The great Carthaginian general Hannibal is known for giving ancient Rome a hard time during his 63 years among the living. He was all the rage during the 2nd Punic War, with the elephants and the cunning strategy and all that. I'm oddly appreciative of anyone who managed to piss-off Rome, probably because the Roman Empire reminds me of the American Empire. Although I have to admit that I admire the Roman Patriarchs for their incredible decadence, Christian killing, orgies and bacchanalia; and don't get me started on the vomitoriums. Now THAT'S a culture! America doesn't have the good sense to at least be interesting. Our empire embraces all of the violence, but none of the sex, that comes with the role of "World's Biggest Asshole."
But I digress. About 35 years after the end of the 2nd Punic War, Carthage finally fell to the Romans. With spectacular cruelty (and a sense of theatre) Rome murdered 450,000 citizens of Carthage, razed the city, and then sowed salt into the soil so nothing would grow there again. Needless to say, Hannibal REALLY honked-off Rome.
As I was reading a book about all this late last night, I couldn't help but wonder about a few things. The very first thing I thought about was the cost of the book, which I bought several years ago for a university class. The price sticker says $60, which is obscene. Really. But my natural inclination to identify with a bunch of losers got me thinking about the half million people who were murdered by the Romans, essentially for dramatic effect. I imagine Roman soldiers eating, vomiting, fucking, and then getting drunk before riding off to stick sharp metal into people. And how creative they were at killing! Nailing people to wood, propping them up, and then leaving them to suffer is an astoundingly fiendish "zinger." There's no retort to that.

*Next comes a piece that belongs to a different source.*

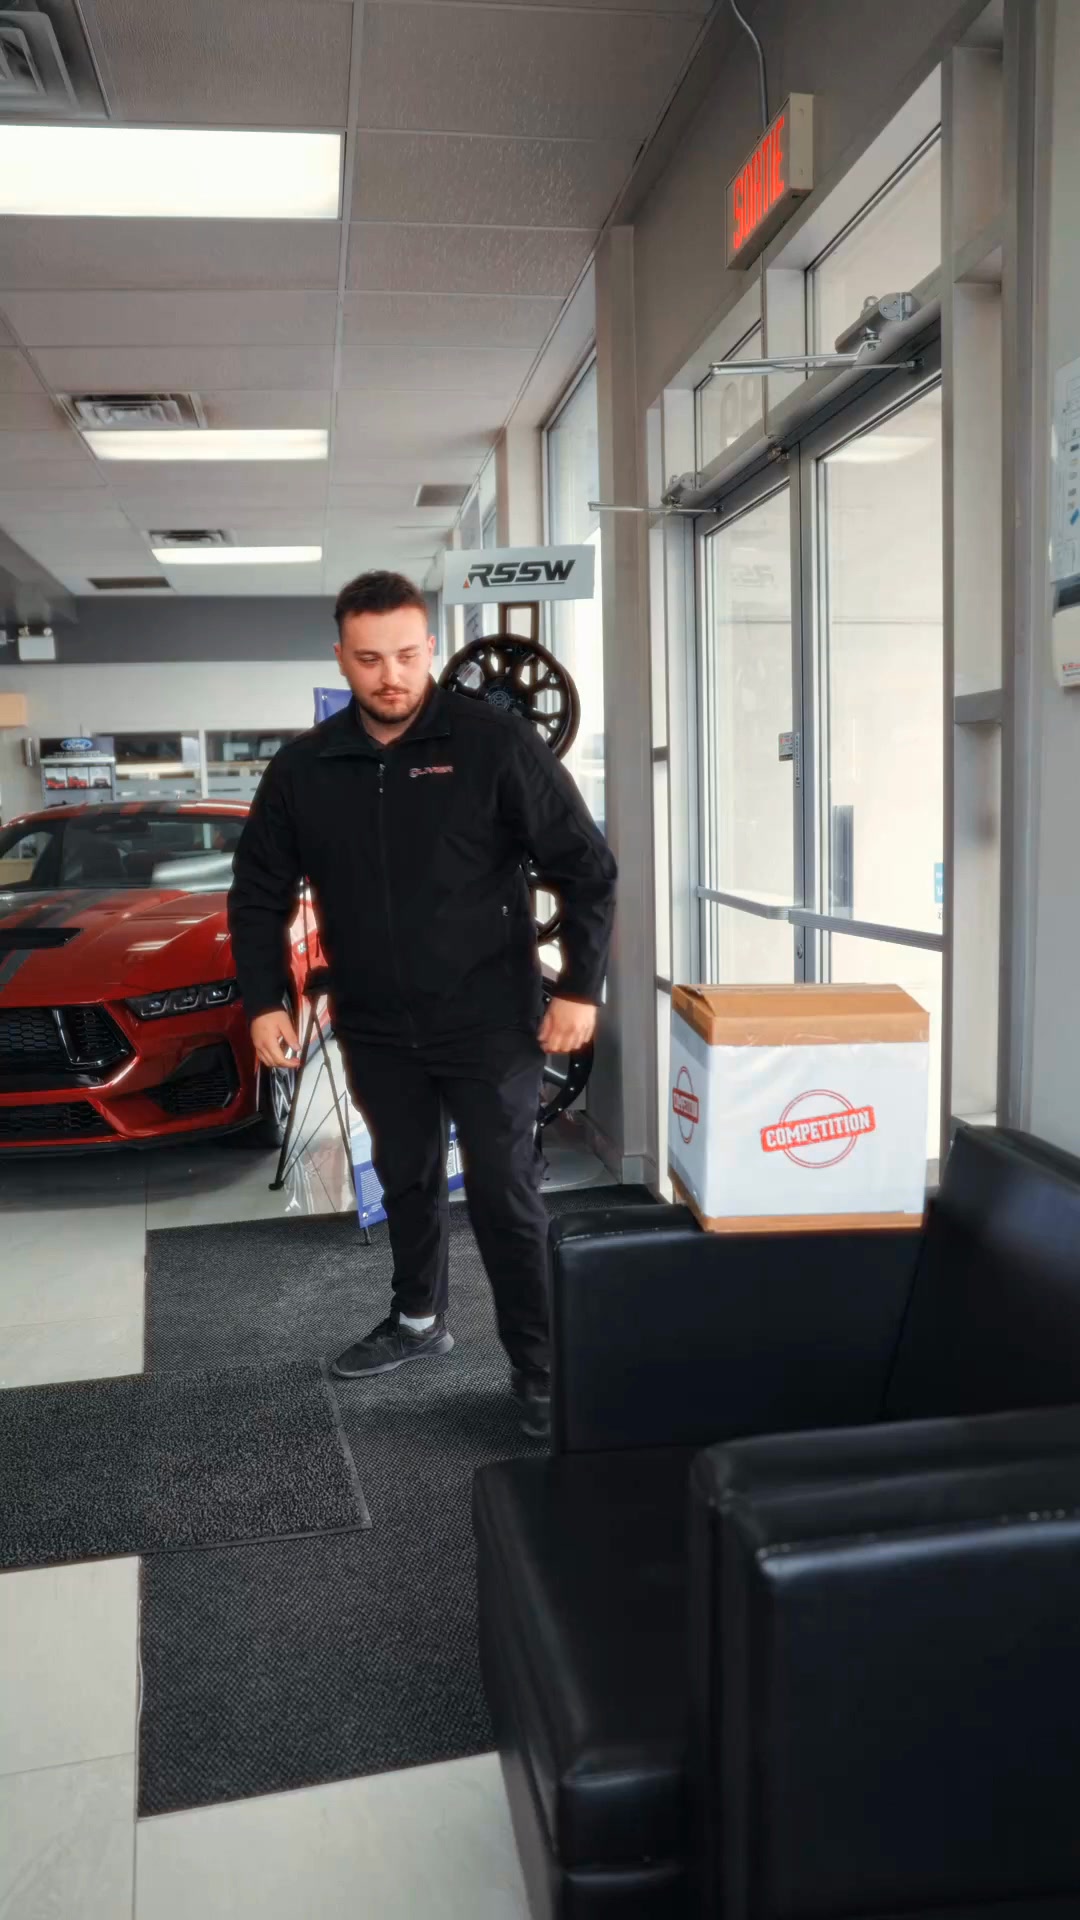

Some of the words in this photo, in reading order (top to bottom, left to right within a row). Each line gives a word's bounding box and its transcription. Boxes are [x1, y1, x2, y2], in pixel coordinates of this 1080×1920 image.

[733, 114, 785, 250] SORTIE
[467, 558, 577, 587] RSSW
[765, 1110, 872, 1148] COMPETITION

But back to Carthage. Imagine the untold stories and unspeakable suffering that became a mere footnote to history. Beyond an estimate of the number of people killed, does anyone care about what they went through? Of course not...we have enough tragedies and genocide that was actually captured on film to care about the distant past. But I'm sure that the few people who escaped the annihilation of Carthage thought something like, "Holy crap, certainly no one will ever forget that." But to empathize you have to look beyond the numbers and approach things on a human level. Sometimes the best way to get at a truth is through fiction. Consider Hammi the Cobbler, a citizen of Carthage. I made him up, but it puts a human face on the whole affair. And ignore that there weren't any cobblers back then.
Hammi isn't a fighter, but he does his best to keep Rome out of Carthage, which isn't much. He fancies himself more of an aesthete. People frequently tell him that he is kind and makes the most comfortable sandals around. Naturally, I'm fond of Hammi. But I have the good sense not to get to attached to him. Why? Because Roman soldiers will soon break in, set him on fire, nail him to a cow and fling him a quarter mile away via catapult. They'll probably go find him and do it again just for good measure. Then eat him.
But nobody will remember Hammi, who is a mere statistic. So what is different about me? Nothing...except I will probably die of a heart attack or get hit by a bus. Mercifully, I most likely won't be nailed to, or fired out of, anything. Although I can't be sure. I call this an "anonymous departure," and it is the fate of all but a very small number of people. But ultimately it is the fate of every single one of us. At any moment, a chunk of rock and ice could sail into us and after that it won't matter that you won the spelling bee in 4th grade; permanent record my ass.
It's wise not to dwell on this, as it doesn't contribute to the creation of a sunny disposition. People who happily whistle as they stroll down the street almost certainly aren't nihilists. Then again, knowing that none of this matters makes it far easier to endure...in a way. Some "its" are impossible to endure, regardless of lofty spiritual and/or philosophical notions. I'm only a pacifist, perhaps, because I've never known hunger.
As an atheist and a nihilist, I've reached the point in my life where the existence of god strikes me as a very scary notion. Most religions have judgment and the possibility of neverending agony as part of their sales pitch. If it comes down to having to choose between an anonymous departure and fearing the undying attention of a very unpredictable, all-powerful god, I'd rather travel with Hammi.